Museums join the action

Museums also jumped on the NFT bandwagon, selling tokens of classic works to raise money in the cash-strapped pandemic-lockdown era. The Uffizi in Florence, for instance, sold an NFT of Michelangelo’s Doni Tondo last year for ˆ140,000. But as Weidinger pointed out, this is not selling art. He likened such tokens to “fridge magnets”.

Boll also described them as very expensive museum shop gadgets. “Museums are taking advantage of a certain window that will close, because people will realize it is not really interesting”, he said. “They are striking while the iron is hot.”

That window may already be closing: Vienna’s Belvedere offered 10,000 NFTs featuring fragments of Gustav Klimt’s Kiss on Valentine’s Day this year. Less than a quarter had been sold by early May, according to local press reports. Those trading in the secondary market were priced lower than the initial price-tag of ˆ1850.

Few museums have purchased NFTs of digital art for their own collections, Weidinger said. However, his museum is the only one in Austria to have acquired them. Another notable exception is the ZKM (Centre for Art and Media) in Karlsruhe, which purchased NFTs back in 2017, four years before the Beeple sale, and is now showing them in an exhibition called “Crypto Art: It’s Not About Money”.

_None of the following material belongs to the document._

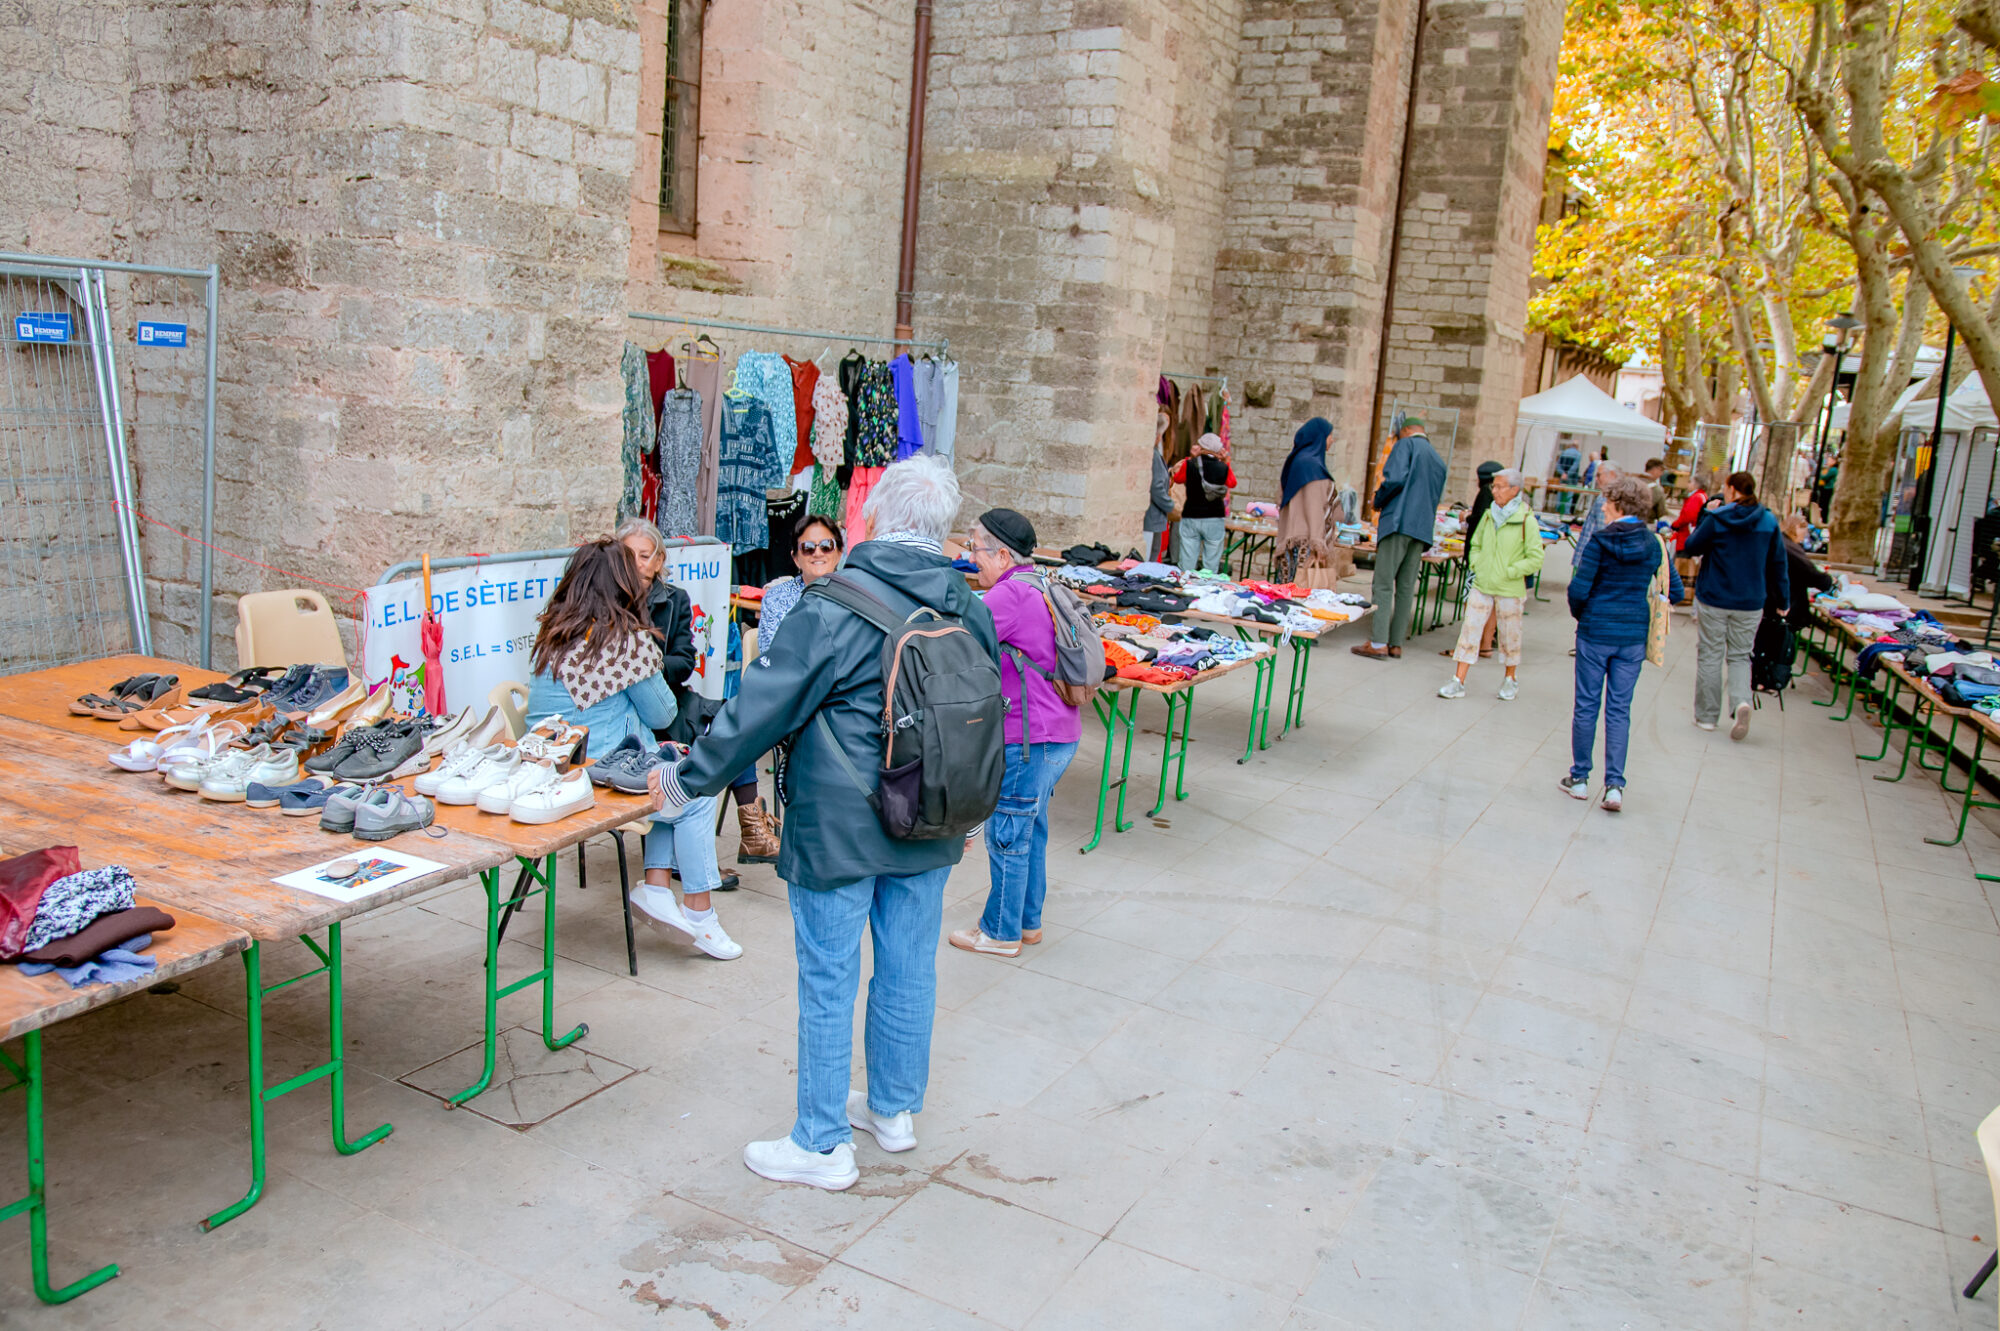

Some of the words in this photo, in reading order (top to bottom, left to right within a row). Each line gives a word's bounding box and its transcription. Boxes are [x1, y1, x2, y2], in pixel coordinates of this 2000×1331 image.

Yet it was money - in vast quantities - that first brought NFTs to the attention of the general public. The Beeple sale, Weidinger said, served as a wake-up call, meaning that finally “museums are catching up and doing their homework on digital art”.



Cellular Automata (1992-1998) by Austrian artist Herbert W. Franke, one of the pioneers of computer art, as well as a science fiction writer and physicist.